Venendo invece ai nomi più attesi del circuito maschile, con particolare riferimento a Andy Murray, Novak Djokovic e Kei Nishikori, Tiley si è sbilanciato molto meno: “Posso dirvi che ho parlato con Andy e si sta preparando per avere una grande annata nel 2018. Quanto quest’anno gli abbia fatto male non lo sappiamo, ma sappiamo invece quanto sia competitivo e che vorrà migliorare la sua attuale classifica da numero tre e tornare numero uno. Murray, Djokovic e Wawrinka proveranno a scalare nuovamente le classifiche, magari ispirandosi a quanto hanno fatto quest’anno Federer e Nadal. Ed è incredibile pensare che il loro ritorno sia iniziato proprio qui”.

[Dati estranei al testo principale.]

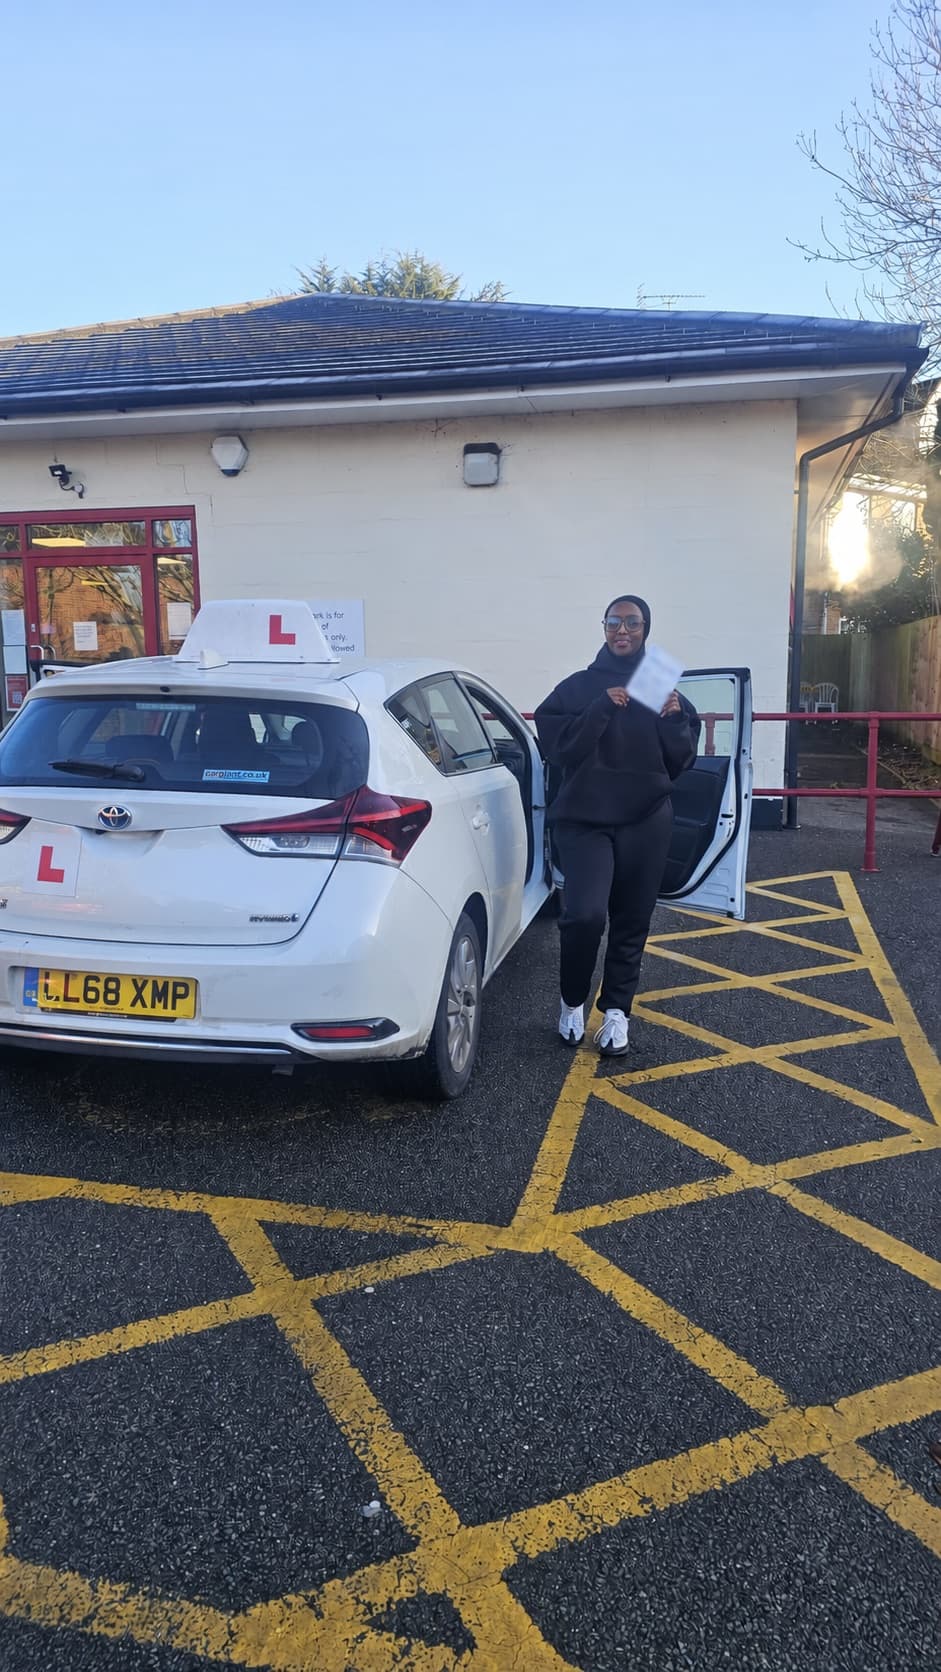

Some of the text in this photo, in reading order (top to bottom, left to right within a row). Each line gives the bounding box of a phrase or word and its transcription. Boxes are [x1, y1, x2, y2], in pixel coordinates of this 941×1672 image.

Ricordiamo inoltre che il montepremi degli Australian Open salirà ulteriormente a quota 55 milioni di dollari, un aumento addirittura del 10% rispetto alla pur cospicua cifra prevista quest’anno. Ciò significa dunque che ai vincitori del torneo di singolare spetteranno la bellezza di 4 milioni di dollari, circa 2.600.000 euro. É stato purtroppo ritoccato anche il costo dei biglietti, visto che ora l’accesso ai ground costerà $49 rispetto ai $40 della passata edizione, mentre i prezzi per assistere alla finale maschile variano dai $415 agli $838. L’indiscussa qualità dell’organizzazione si rifletterà dunque sulle tasche degli spettatori, consapevoli però di poter assistere ad un evento unico al mondo in una posizione del tutto privilegiata.

Non poteva mancare infine una battuta del direttore dello Slam oceanico rivolta all’ex grande promessa del movimento aussie, ovvero Bernard Tomic, circa la possibilità di assegnargli una wild card. “Bella domanda. La strada è lunga… ci sono ancora un po’ di partite da giocare prima della fine dell’anno, quando prenderemo una decisione“.